The affected West Baltimore communities never forgot. To this day this especially bad case of Baltimore road folly still taints almost any discussion about transportation in Baltimore.
The western end of the freeway was recently demolished for two commuter parking lots. Payson Street was reconnected and the lots were designed for future TOD development. (photo: ArchPlan) |
Secretary Foxx, an African American who had experienced the impacts of urban freeways in his own community as a youth in Charlotte, NC (where he would become later Mayor), did not fail to mention the latest insult that was dealt to the people of West Baltimore. In an ominous reverberation of past broken promises, the Red Line, touted as a community revitalization tool and job creator, disappeared as well. It would have given the Highway to Nowhere finally some meaning by connecting the isolated and dis-invested communities of West Baltimore to downtown, the Metro and the prosperous areas to the east, but the new Governor declared it famously a "boondoggle" and struck fully engineered as it was from his transportation portfolio.

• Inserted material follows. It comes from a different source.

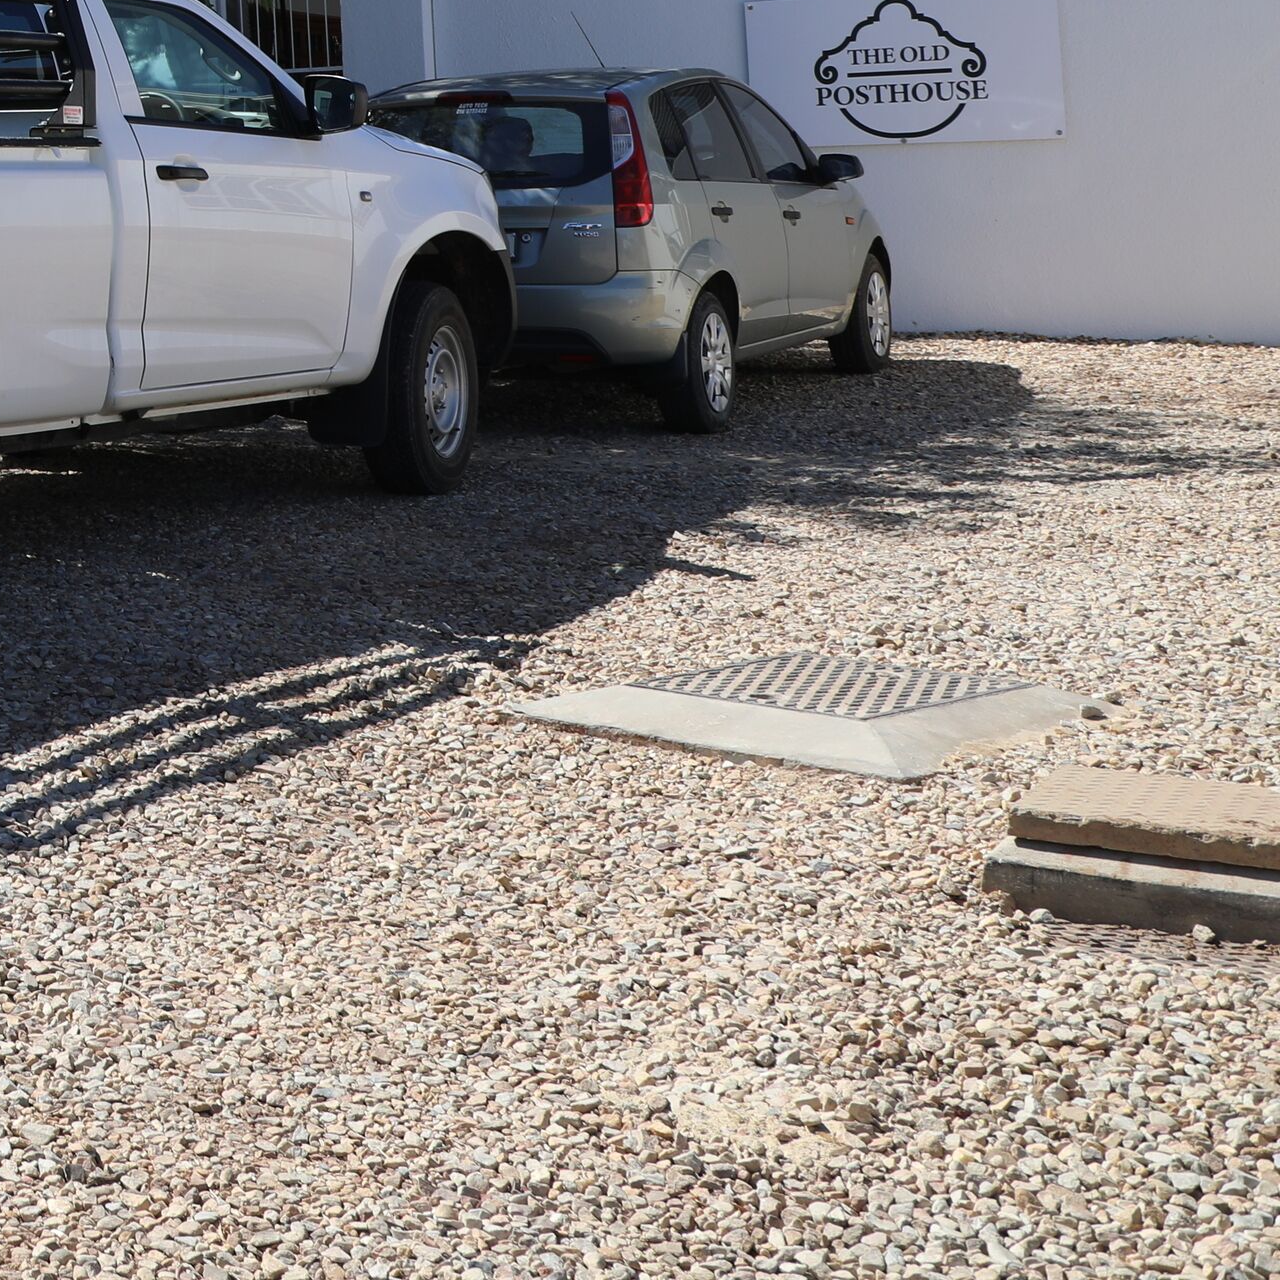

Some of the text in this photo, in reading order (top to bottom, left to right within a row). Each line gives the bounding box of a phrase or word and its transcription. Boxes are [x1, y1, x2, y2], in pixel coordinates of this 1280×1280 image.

Sometimes it takes time and distance and another blow to find the simple truth in long and complicated struggles. The truth of Baltimore's freeway battles is, that overall Baltimore came out less damaged than many other cities. But just as in many other places, all the damage occurred in African American communities.
Klaus Philipsen, FAIA
A detailed report about the Baltimore freeway battle can be found at Raymond Mohl's account or in the document "The Baltimore Interstate Highway System by UM
Professor Garrett Power.
Andrew Giguere Thesis, College of Arts and Sciences of Ohio University, 2009
See also on Community Architect this week's article From Displacement to Opportunity: Overcoming US Highway Injustices
Harlem Park. | From the Bureau of Urban Renewal and Housing Authority Collection, | Langsdale Library Special Collections. |
Not to mention the slum high-rises which were built and fortunately taken down and much more. Arriving new in Baltimore in 1966 and working at JHH I saw each building come down on my daily commute to work. UNREAL! and still sobbing traveling through the W. Baltimore communities which continue to decline. What a WOUND, still bleeding.